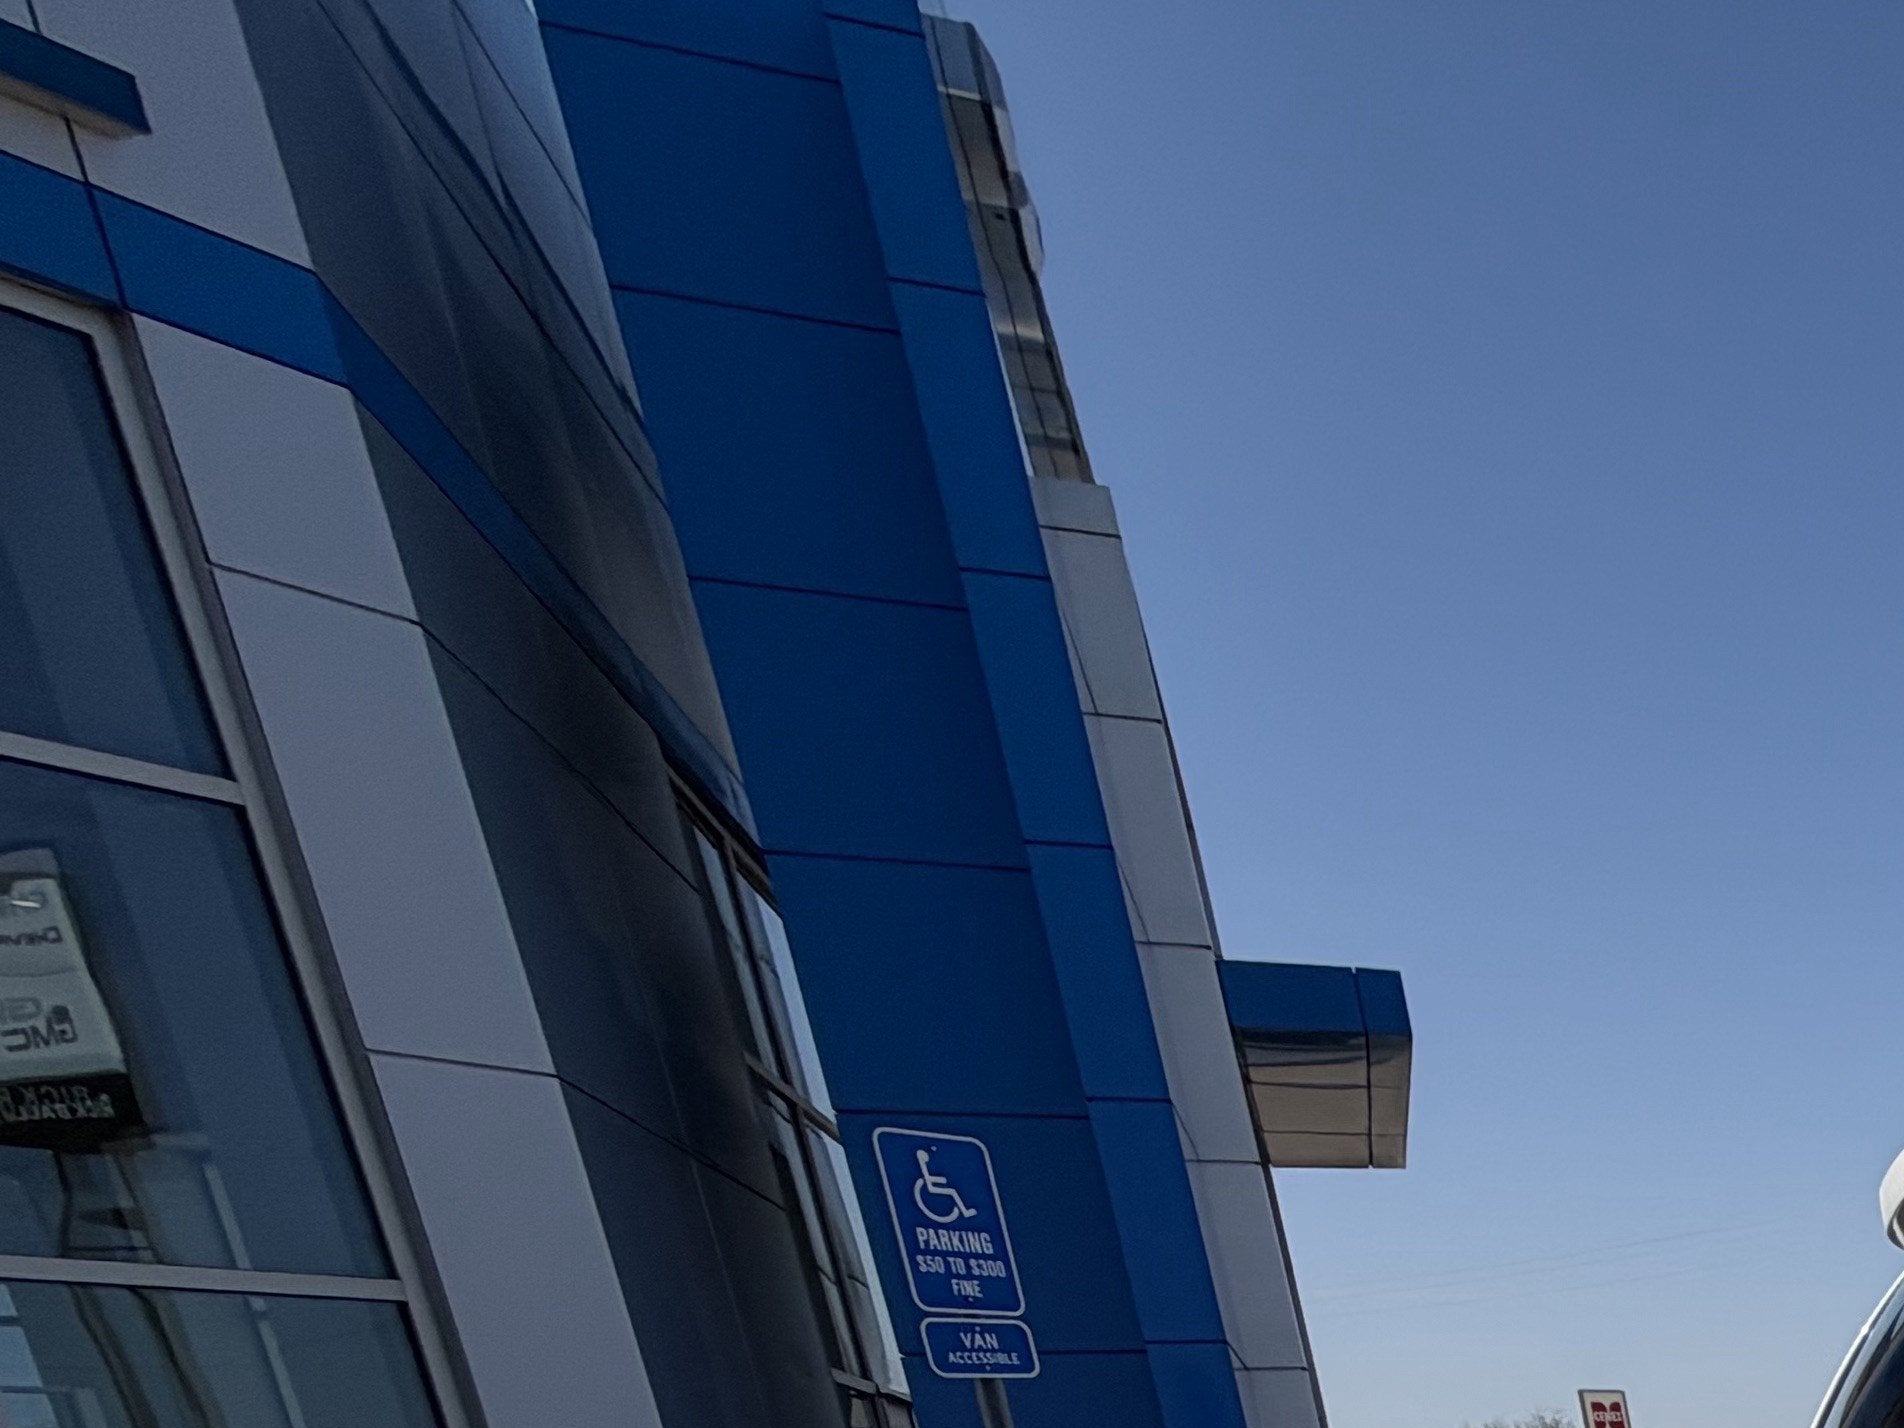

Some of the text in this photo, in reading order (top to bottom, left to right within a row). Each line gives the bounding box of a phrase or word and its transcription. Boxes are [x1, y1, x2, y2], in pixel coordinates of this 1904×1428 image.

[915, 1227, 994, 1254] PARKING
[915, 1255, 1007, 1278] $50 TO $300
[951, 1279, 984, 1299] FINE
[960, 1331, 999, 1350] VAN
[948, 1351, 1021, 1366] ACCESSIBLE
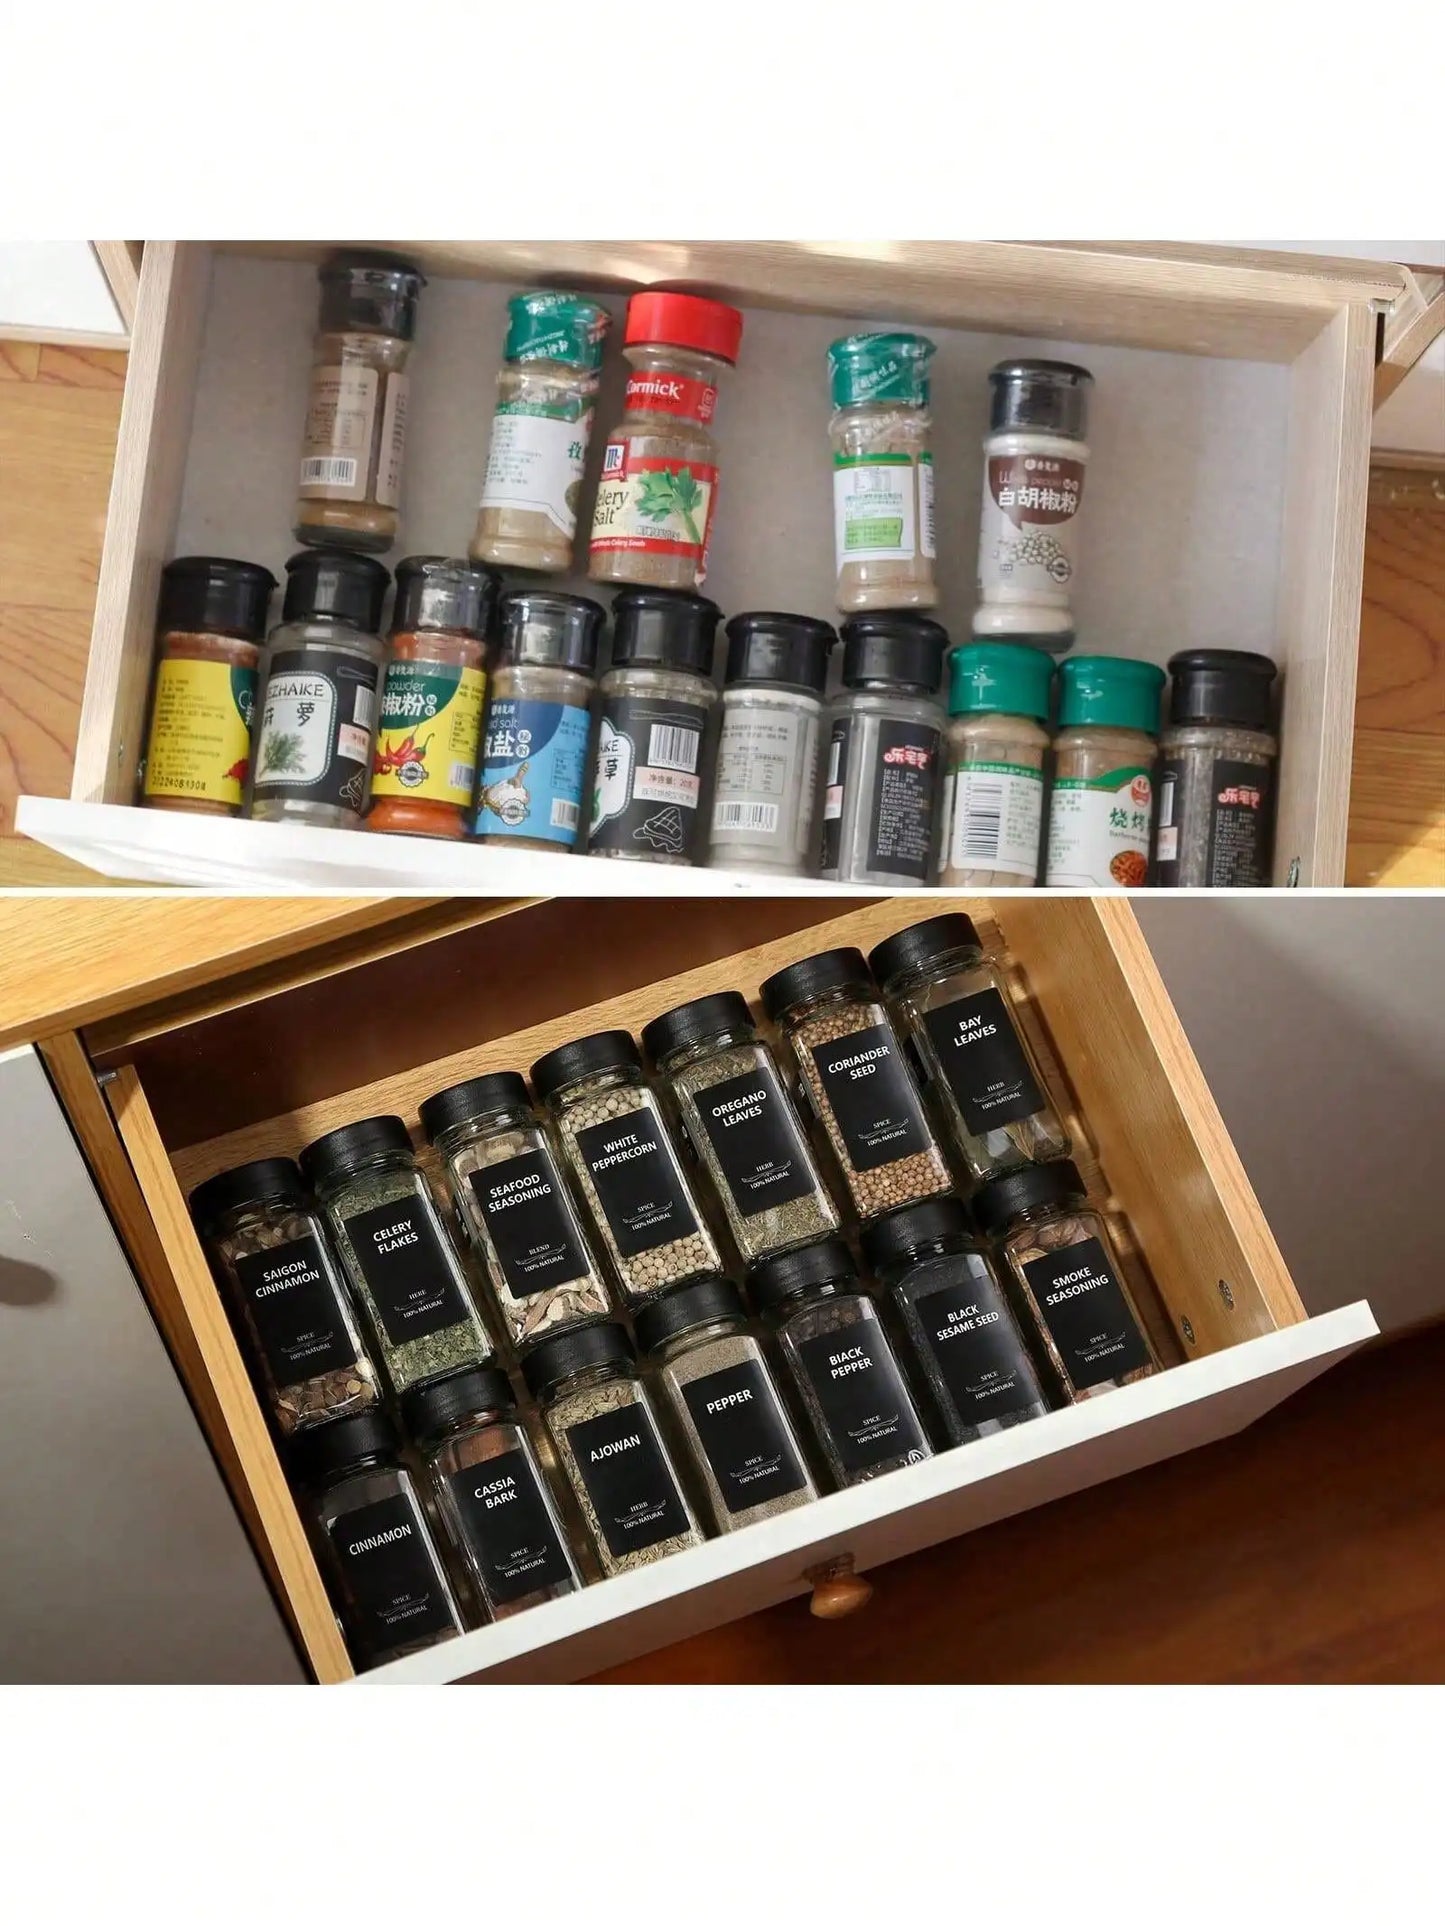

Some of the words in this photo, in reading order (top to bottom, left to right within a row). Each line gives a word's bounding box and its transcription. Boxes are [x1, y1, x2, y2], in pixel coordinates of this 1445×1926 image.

• [Brief]
What you return must match the records letter for letter, except that the pictures stay out.

• [Output of the task]
Some of the text in this photo, in reading order (top to bottom, left to right within a row). Each line gives the bounding box of a phrase or word and its transcription. Boxes are [x1, y1, x2, y2], in pixel coordinates of this 1904×1428 image.

[915, 1227, 994, 1254] PARKING
[915, 1255, 1007, 1278] $50 TO $300
[951, 1279, 984, 1299] FINE
[960, 1331, 999, 1350] VAN
[948, 1351, 1021, 1366] ACCESSIBLE

Some of the words in this photo, in reading order (top to bottom, left to right within a row). Each line gives a word's bounding box and its transcription. Boxes are [x1, y1, x2, y2], in pixel coordinates of this 1445×1926 image.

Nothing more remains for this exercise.